Assignment: Copy the entries without a single change. Pictures should be dropped.

------ Supplied information ------

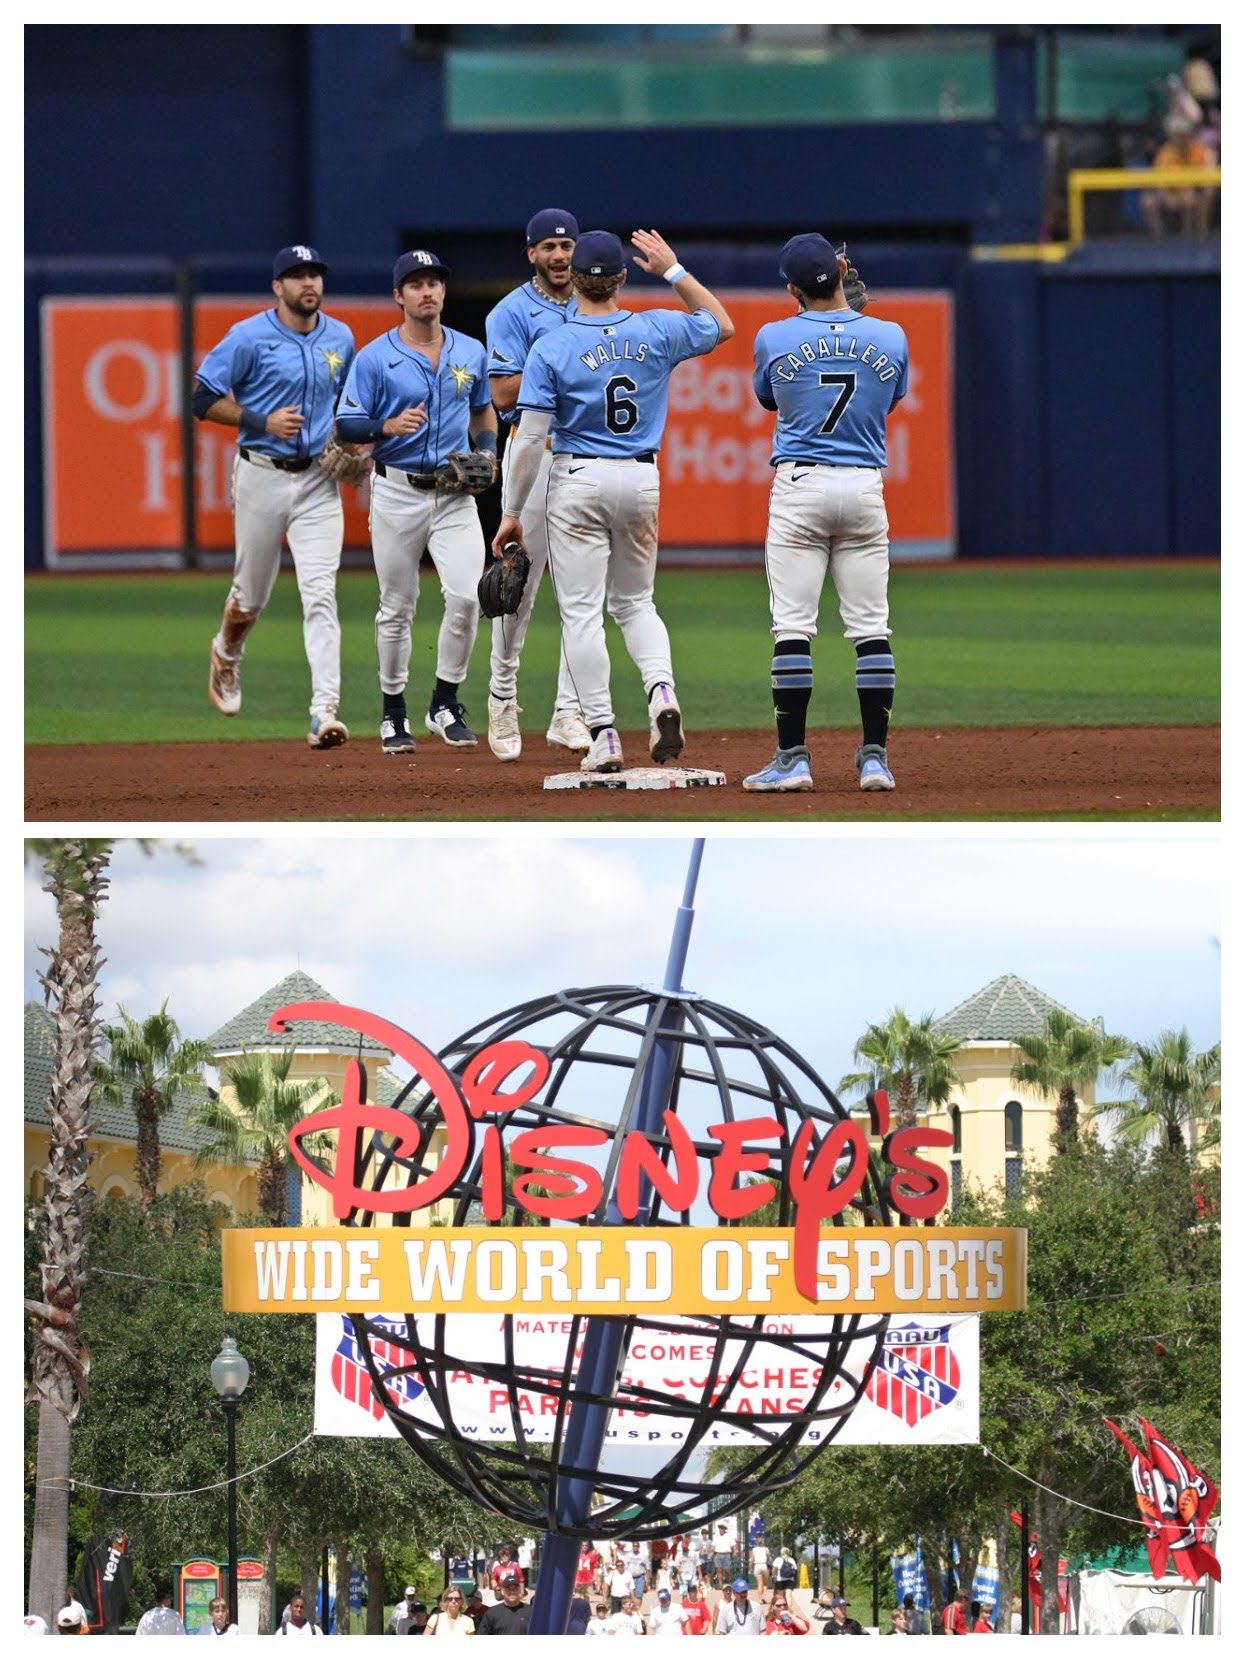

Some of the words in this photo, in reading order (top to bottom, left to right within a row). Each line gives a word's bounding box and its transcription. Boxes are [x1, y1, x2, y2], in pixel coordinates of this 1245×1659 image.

[292, 244, 313, 262] TB
[412, 249, 433, 266] TB
[580, 339, 649, 372] WALLS
[776, 335, 898, 383] CABALLERO
[603, 374, 640, 436] 6
[817, 371, 858, 436] 7
[266, 1001, 955, 1305] Disney's
[253, 1239, 382, 1302] WIDE
[403, 1239, 673, 1303] WORLD
[701, 1239, 790, 1303] OF
[815, 1239, 1004, 1303] SPORTS
[499, 1320, 590, 1335] MATEU
[885, 1330, 940, 1343] AAU
[883, 1349, 941, 1401] USA
[488, 1389, 651, 1418] PARTS
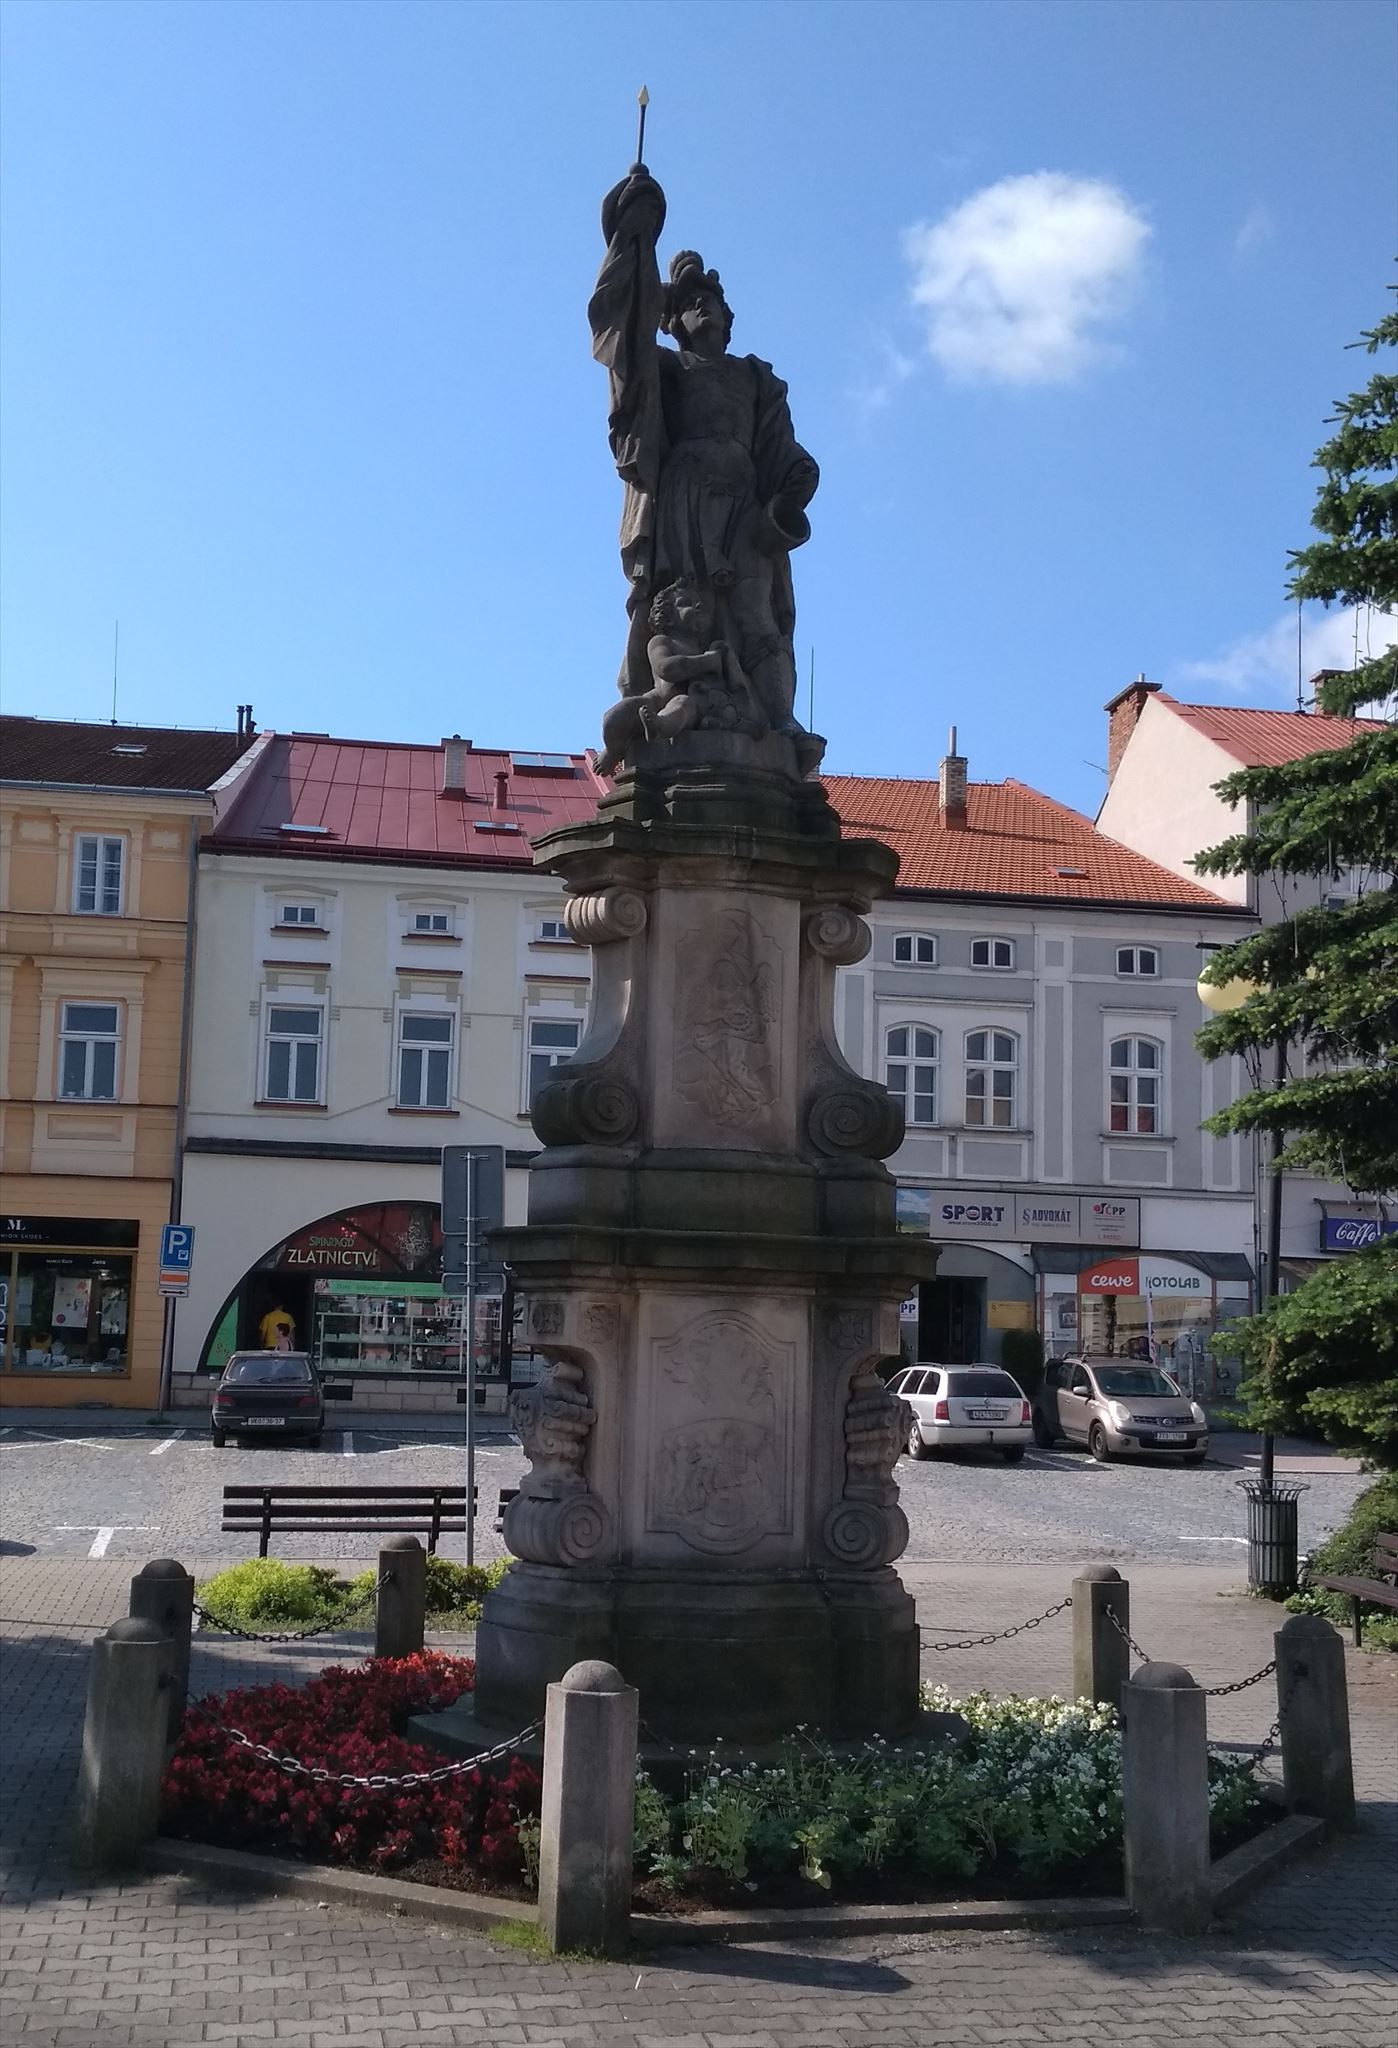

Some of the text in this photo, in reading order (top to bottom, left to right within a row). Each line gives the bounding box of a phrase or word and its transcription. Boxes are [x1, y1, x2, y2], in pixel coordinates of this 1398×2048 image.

[942, 1204, 1004, 1221] SPORT
[1032, 1208, 1071, 1222] ADVOKÁT
[168, 1230, 187, 1254] P
[287, 1248, 378, 1266] ZLATNICTVÍ
[1091, 1275, 1134, 1287] cewe
[900, 1303, 917, 1313] PP

------

Solution for this task:
Some of the words in this photo, in reading order (top to bottom, left to right within a row). Each line gives a word's bounding box and its transcription. Boxes are [x1, y1, x2, y2], in pixel coordinates of this 1245×1659 image.

[292, 244, 313, 262] TB
[412, 249, 433, 266] TB
[580, 339, 649, 372] WALLS
[776, 335, 898, 383] CABALLERO
[603, 374, 640, 436] 6
[817, 371, 858, 436] 7
[266, 1001, 955, 1305] Disney's
[253, 1239, 382, 1302] WIDE
[403, 1239, 673, 1303] WORLD
[701, 1239, 790, 1303] OF
[815, 1239, 1004, 1303] SPORTS
[499, 1320, 590, 1335] MATEU
[885, 1330, 940, 1343] AAU
[883, 1349, 941, 1401] USA
[488, 1389, 651, 1418] PARTS

Some of the text in this photo, in reading order (top to bottom, left to right within a row). Each line gives the bounding box of a phrase or word and its transcription. Boxes are [x1, y1, x2, y2], in pixel coordinates of this 1398×2048 image.

[942, 1204, 1004, 1221] SPORT
[1032, 1208, 1071, 1222] ADVOKÁT
[168, 1230, 187, 1254] P
[287, 1248, 378, 1266] ZLATNICTVÍ
[1091, 1275, 1134, 1287] cewe
[900, 1303, 917, 1313] PP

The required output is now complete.